Postmortem Interval Leads to Loss of Disease-Specific Signatures in Brain Tissue.

Abstract

Human brain banks are essential for studying a wide variety of neurological and neurodegenerative diseases, yet the variability in postmortem interval (PMI)-the time from death to tissue preservation-poses significant challenges due to rapid cellular decomposition, protein alterations, and RNA degradation. Furthermore, the postmortem transcriptomic alterations occurring within distinct cell types are poorly understood. In this study, we analyzed the effect of a 3 h postmortem interval on single-nucleus RNA signatures in the brains of wild-type (WT) and PS19 mice, a common model of tauopathy. We observed that basic quality control metrics (such as the number of genes and reads per cell), total nuclei counts, and RNA integrity number (RIN^e) remained consistent across all samples, regardless of PMI or genotype. However, a 3 h PMI diminished the number of genes differentially expressed between PS19 and WT mice, suggesting an impact of delayed processing on the detection of disease-specific transcriptomic signatures.

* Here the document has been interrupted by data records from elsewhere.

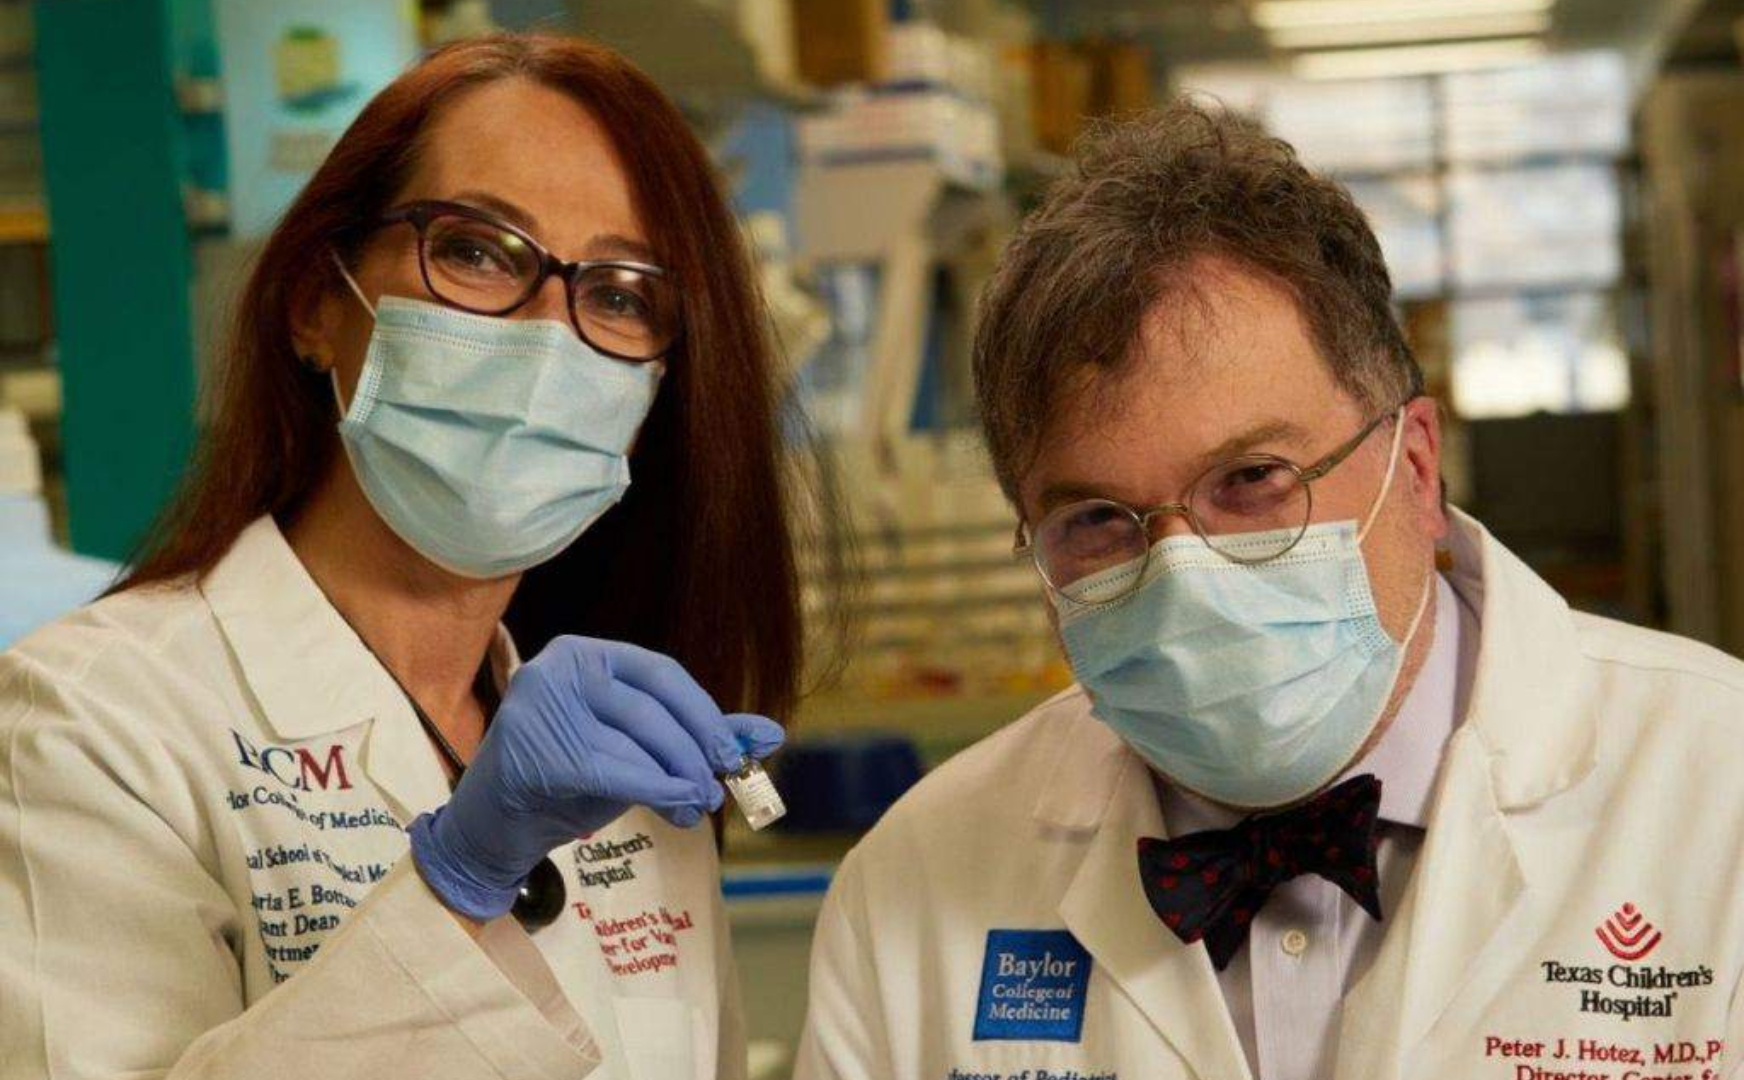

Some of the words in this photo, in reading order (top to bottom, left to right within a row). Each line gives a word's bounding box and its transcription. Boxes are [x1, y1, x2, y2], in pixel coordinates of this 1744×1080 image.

[265, 844, 310, 868] School
[622, 936, 648, 953] for
[997, 951, 1077, 982] Baylor
[1542, 961, 1602, 983] Texas
[1608, 964, 1713, 989] Children's
[988, 1002, 1071, 1021] Medicine
[1485, 1036, 1545, 1058] Peter
[1553, 1038, 1570, 1060] J.
[1578, 1039, 1645, 1066] Hotez,
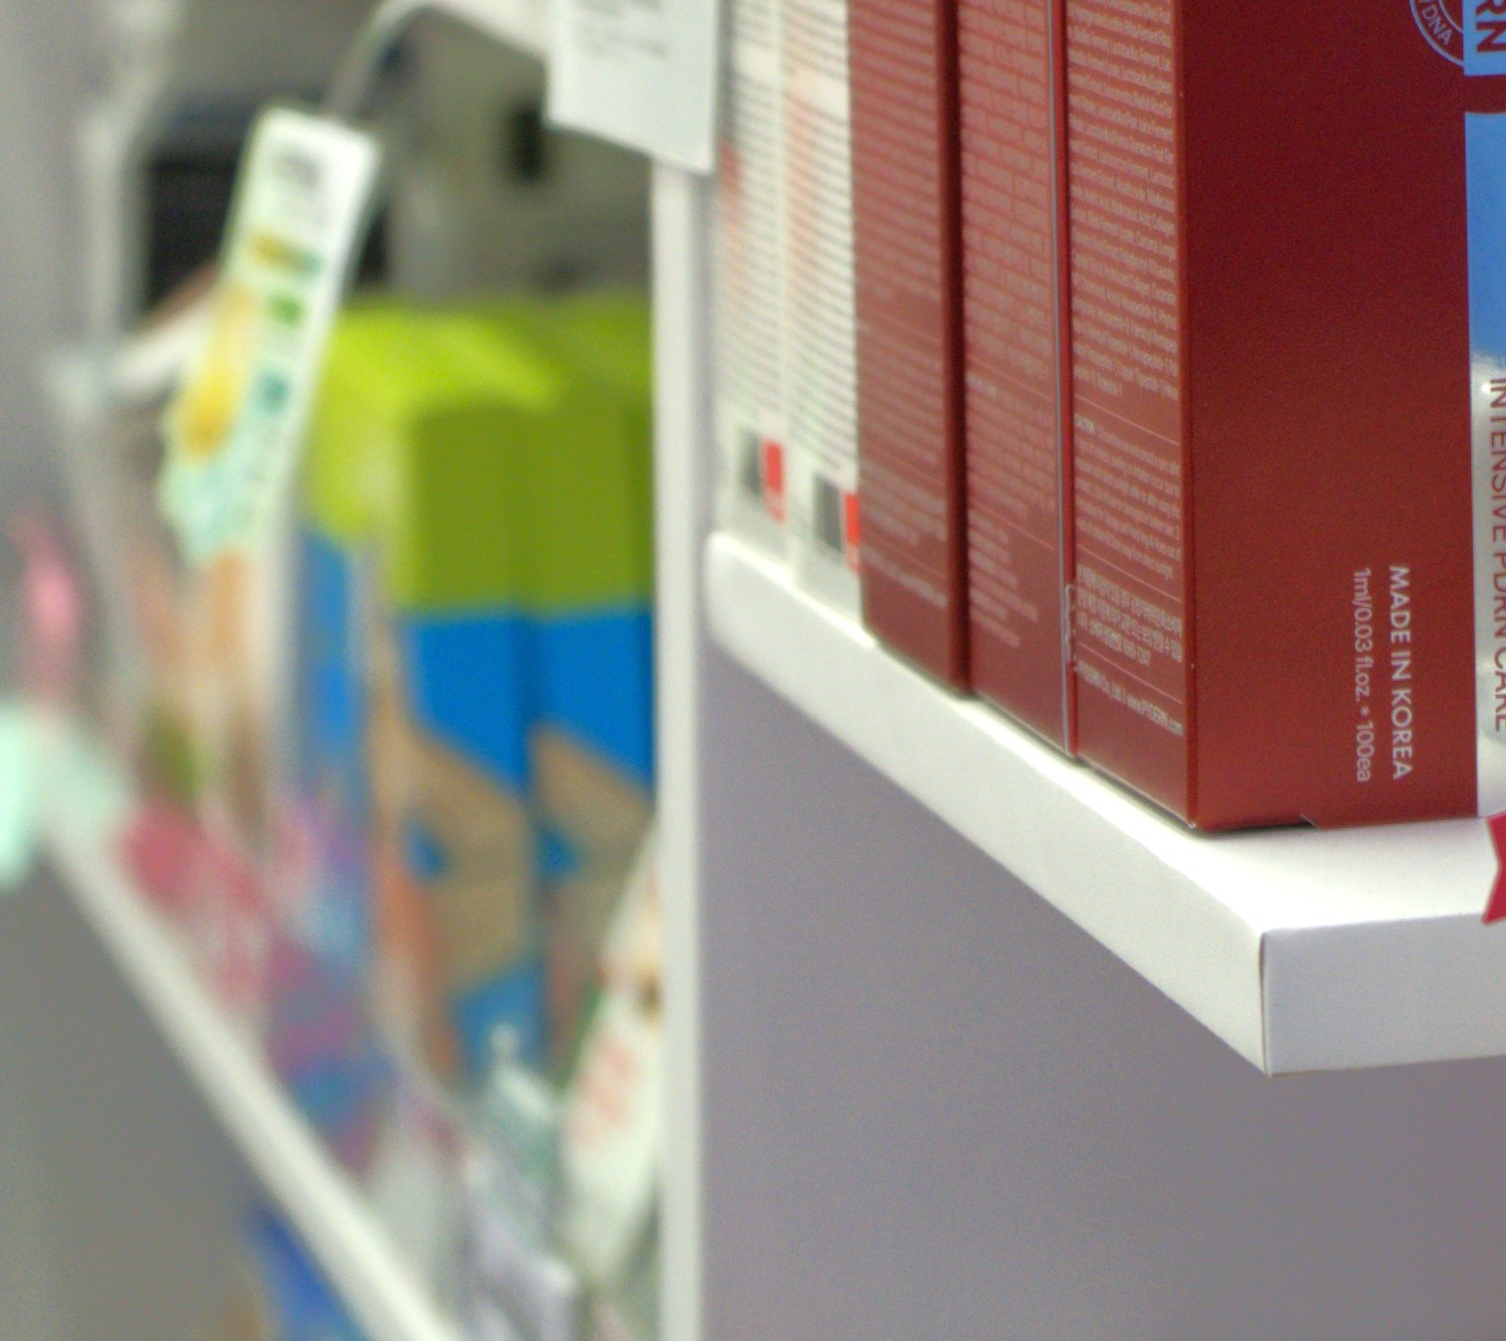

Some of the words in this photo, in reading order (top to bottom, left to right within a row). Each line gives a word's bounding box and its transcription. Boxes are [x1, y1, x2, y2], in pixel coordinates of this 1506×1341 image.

When directly comparing 3 h PMI versus freshly harvested 0 h mouse brains, we identified genes upregulated in neurons and interneurons involved in DNA repair, immune response, and stress pathways. Furthermore, genes that were altered in non-neuronal cell types at 3 versus 0 h PMI were associated with cell-cell adhesion processes. These findings highlight the effects of PMI on single-nucleus transcriptional changes that may dampen the true changes in cellular states in banked brain tissues.